Huge thanks to the following people and companies for their assistance: -

  • Main Sponsor - TBA (Available for £2,500).
  • Bike sponsor - Canyon (Phil Jones); Trek (James Golding)
  • Cycling Kit - Kalas
  • Nutrition Sponsor - Secret Training
  • The Poole Agency - PR/Content

Wednesday 14 February 2018

Canyon Endurance CF SLX Disc 9.0 Review

You know when you see top end bikes on the television, in a bike shop or in a magazine and you think ‘I’d love to have a good go on one of those, just to see what it does for my riding?’

Canyon Endurance CF SLX in Aero Titanium

Having that opportunity recently, the good people at Canyon UK sent me one of their top bikes, the Canyon Endurance CF SLX for review.  Having covered 50,000 or so miles on the road now, I'm getting a good feel for attributes of bikes and practicalities in day to day use.

New Bike Day

The bike arrives well packed and is really easy to set-up.  There is plenty of protective packaging  all you have to do is install the bars and the front wheel in reality.  All in all, it took me about thirty minutes to get the position dialled with seat height, saddle fore/aft, bar height etc.  Bike was delivered by UPS, everything needed to set it up is in the box.  

Once built, I couldn't wait to get out on it to see how a six grand bike performs on the road. By most peoples budget this would be a well considered purchase and not only does it need to look the business but also perform to a very high standard.

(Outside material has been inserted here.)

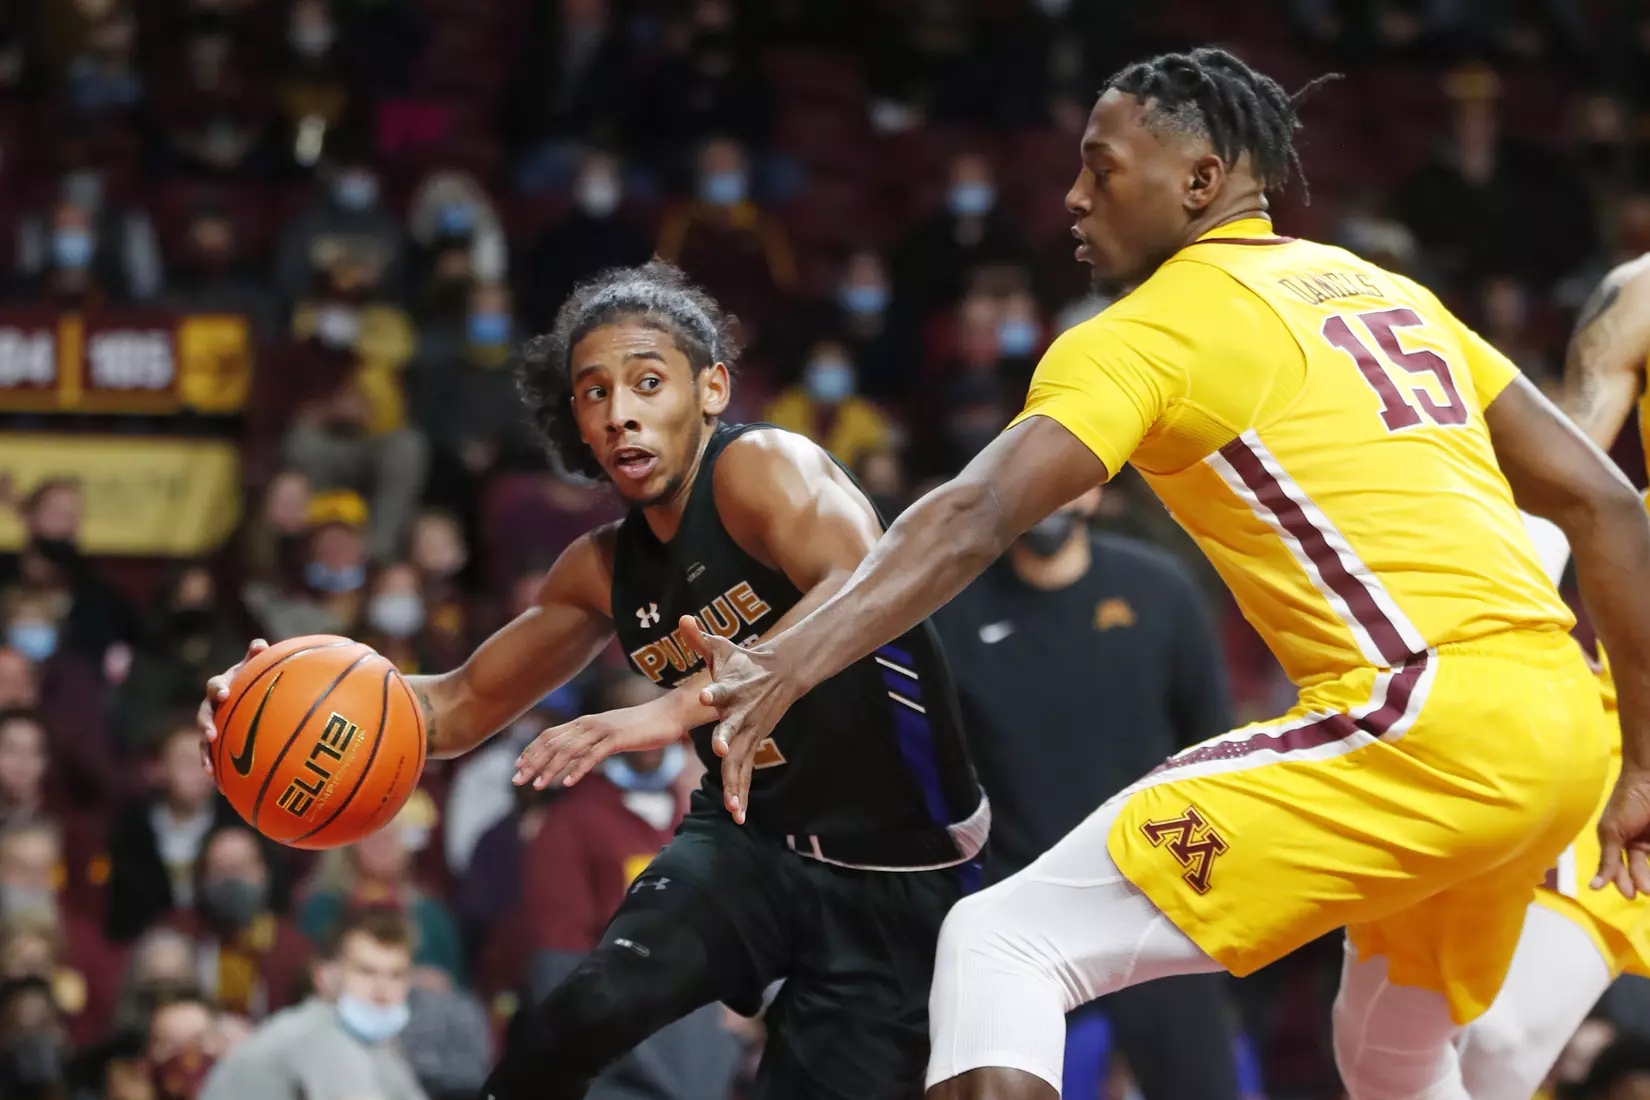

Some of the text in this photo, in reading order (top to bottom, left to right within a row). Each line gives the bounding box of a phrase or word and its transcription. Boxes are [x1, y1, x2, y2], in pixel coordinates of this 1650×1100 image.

30 Second Clip of Bike fully built
A Comfortable and Fast Ride

The Endurance CF SLX has a more relaxed position suitable for long days in the saddle, sportives, and multi-day events.  I have a dodgy disc in my lower back, so always ride with some stack on the stem.  I was able to set the Endurance CF SLX almost spot on with my bike fit measurements leading to a really good position which was comfortable but also quick.  It would be the bike I'd choose out of the range for that reason.

One question that you might ask yourself is - What’s the difference between the Endurance CF SLX and the Canyon Aeroad?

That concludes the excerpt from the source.